Этот обожаемый сын, только что оставивший безжизненные останки отца, которого, по его словам, он так любил, стоял у открытого окна. Увы! Он мог обмануть живого слепца; но дух, им не видимый и присутствия которого он не подозревал, понимал суть его мыслей при помощи черного и густого флюида, исходящего из его головы. Он не только не оплакивал отца, но, наоборот, сердце его исполнено было чувства удовлетворенной гордости и удовольствия, что власть им наконец достигнута. Чуть выше над ним отражались передуманные им мысли и перечувствованные перед тем желания: «Если бы я избавился от него?
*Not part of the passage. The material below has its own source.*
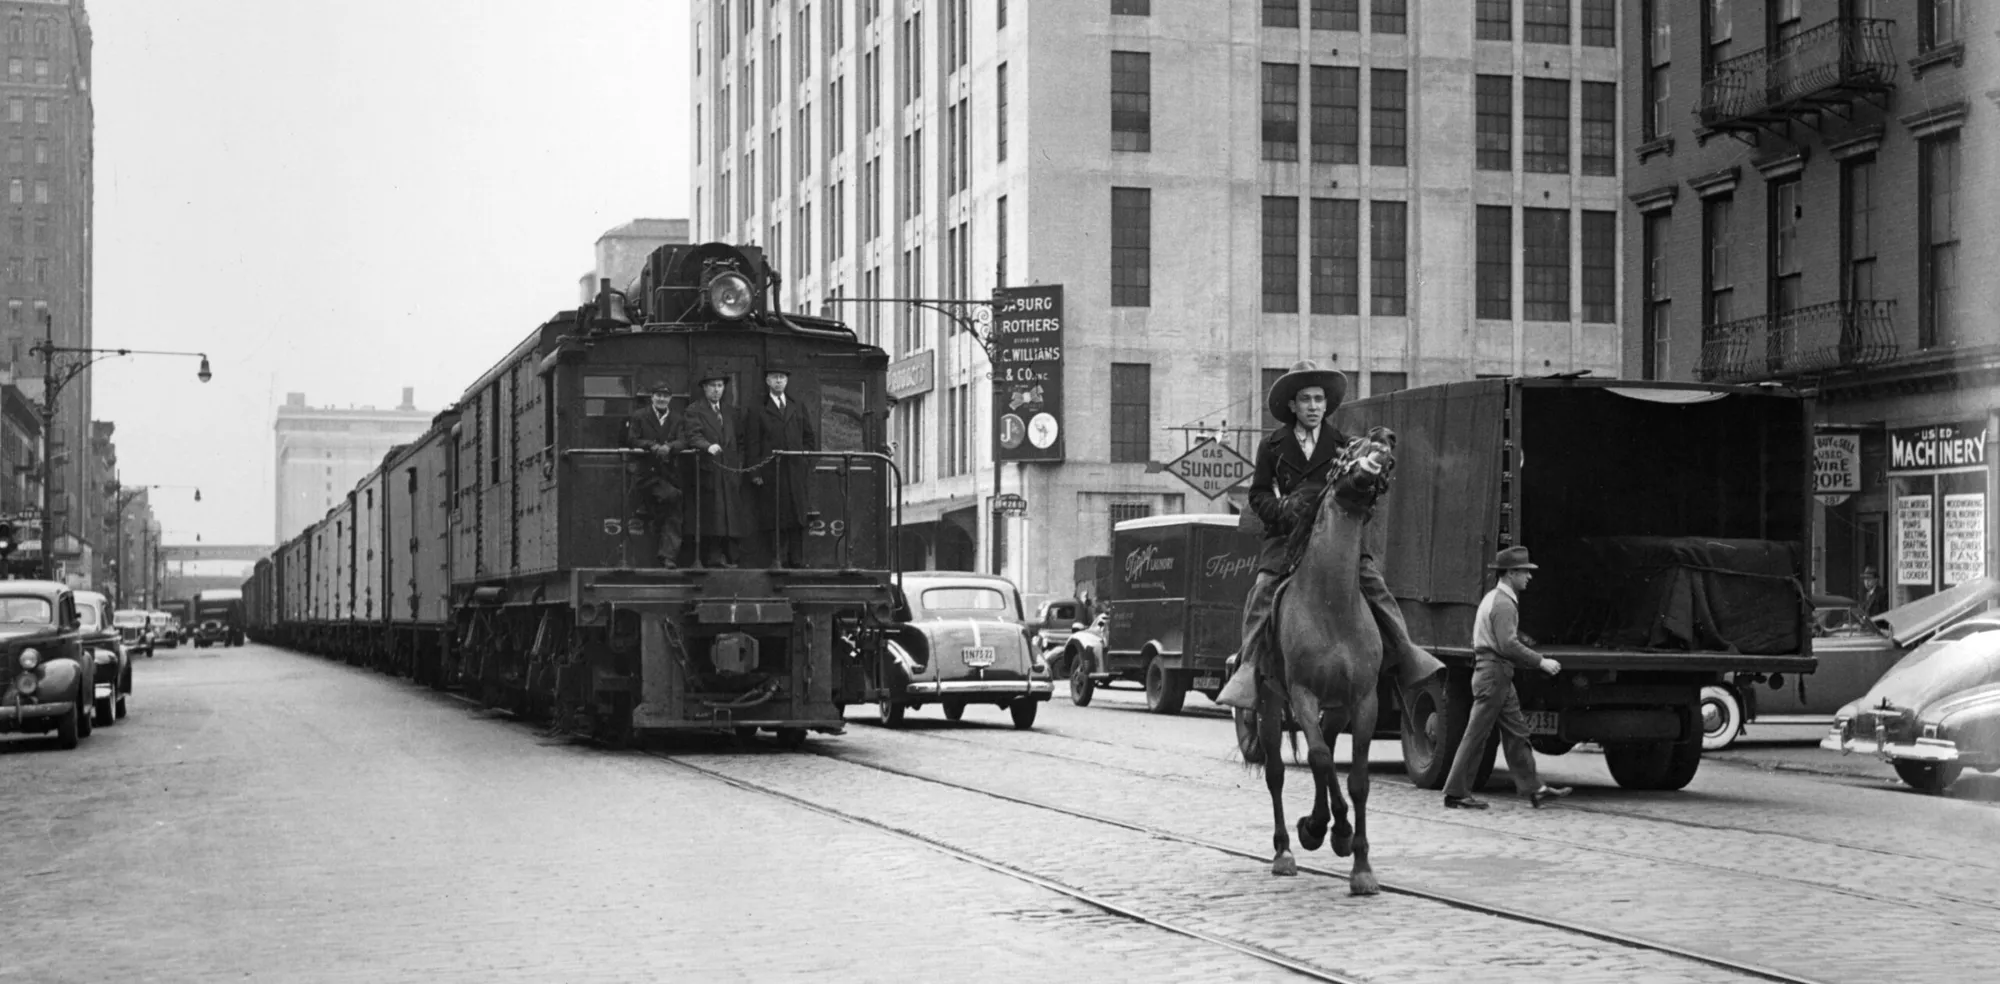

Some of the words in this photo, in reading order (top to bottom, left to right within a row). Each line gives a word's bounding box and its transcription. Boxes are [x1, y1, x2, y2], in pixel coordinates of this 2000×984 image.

В любви не щадят и отца!»
Дух мой ощутил болезненный толчок, и сердечная артерия, тысячью тонких нитей соединявшаяся с ним, сжалась и почернела.
А я, глупый, думал, что он будет в отчаянии. Он пробовал тонкое лезвие подаренного мной кинжала, чтобы пронзить им сердце, постоянно бившееся только для него одного и уступившее ему даже любимую женщину. Мне было мучительно больно. Всю жизнь я с любовью заботился об этом неблагодарном; он вырос на моих руках и вызывал в моем горячем сердце самые нежные чувства. К чему же тогда послужили любовь, заботы, попечение в течение целой жизни? Мог ли я после этого ненавидеть Бенедиктуса, Санктуса и всю эту предательскую шайку, для которой я был строгим начальником? Чего мог я требовать от них, если здесь поднималась на меня вооруженная кинжалом рука, если он, мой сын, связанный со мною кровью, хотел избавиться от меня; он, для которого билось мое сердце, которого я обожал как единственное наследие, оставленное мне его матерью.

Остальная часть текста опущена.